• Source material:
□ □ □ □

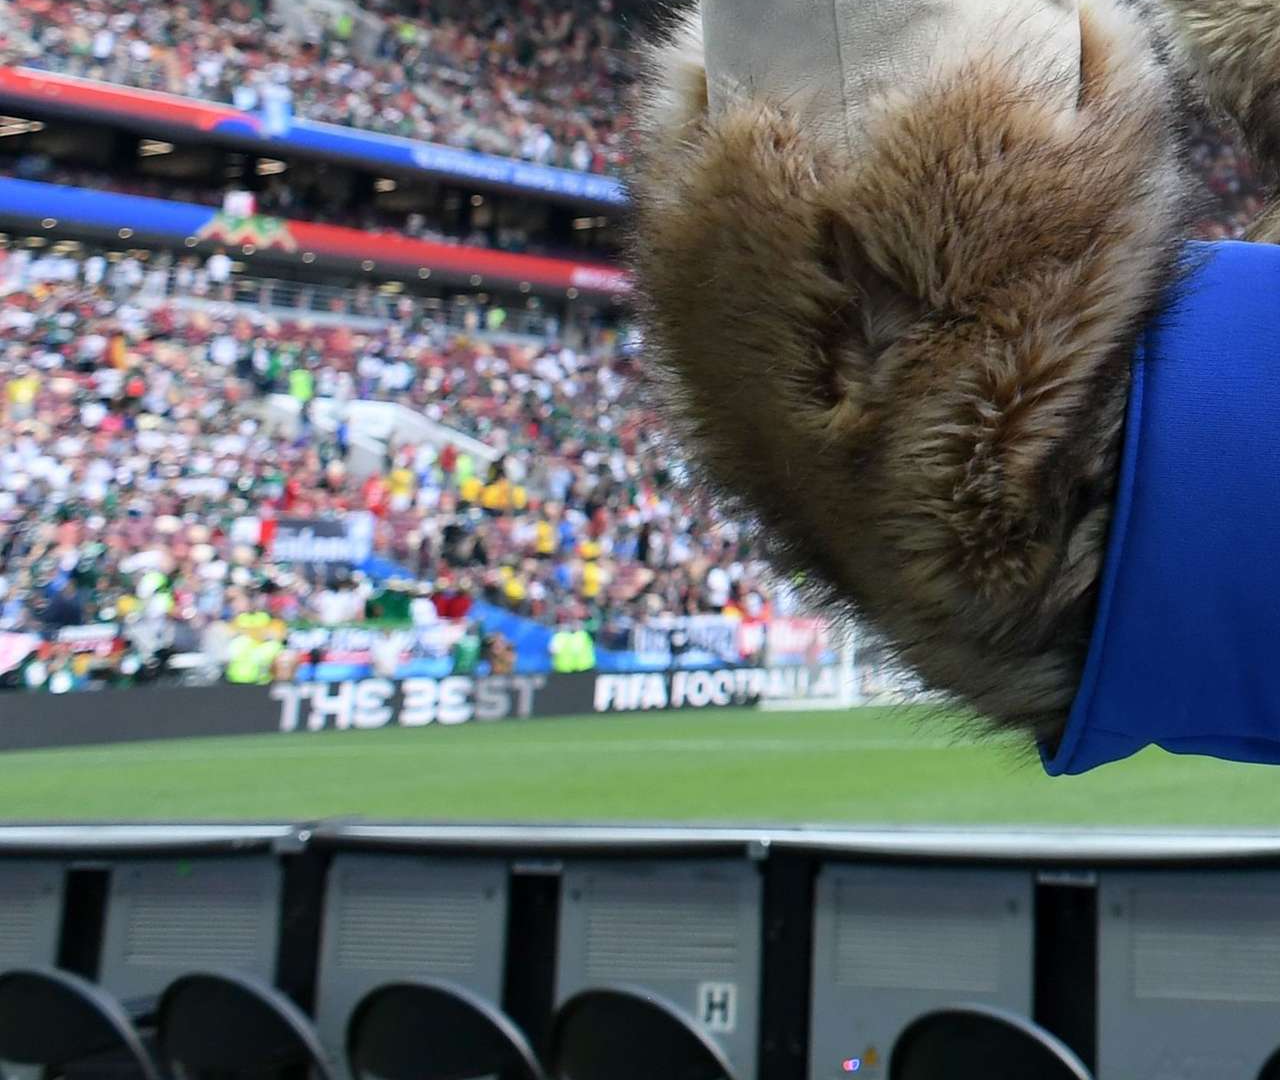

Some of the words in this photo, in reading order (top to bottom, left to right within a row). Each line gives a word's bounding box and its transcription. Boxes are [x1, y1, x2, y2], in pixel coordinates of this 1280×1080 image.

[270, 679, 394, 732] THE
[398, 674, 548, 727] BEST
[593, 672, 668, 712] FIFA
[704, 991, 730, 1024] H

□ □ □ □

• Assigned task:
Give back every record precisely as it stands, without the images.

• Finished task:
Some of the words in this photo, in reading order (top to bottom, left to right within a row). Each line gives a word's bounding box and its transcription. Boxes are [x1, y1, x2, y2], in pixel coordinates of this 1280×1080 image.

[270, 679, 394, 732] THE
[398, 674, 548, 727] BEST
[593, 672, 668, 712] FIFA
[704, 991, 730, 1024] H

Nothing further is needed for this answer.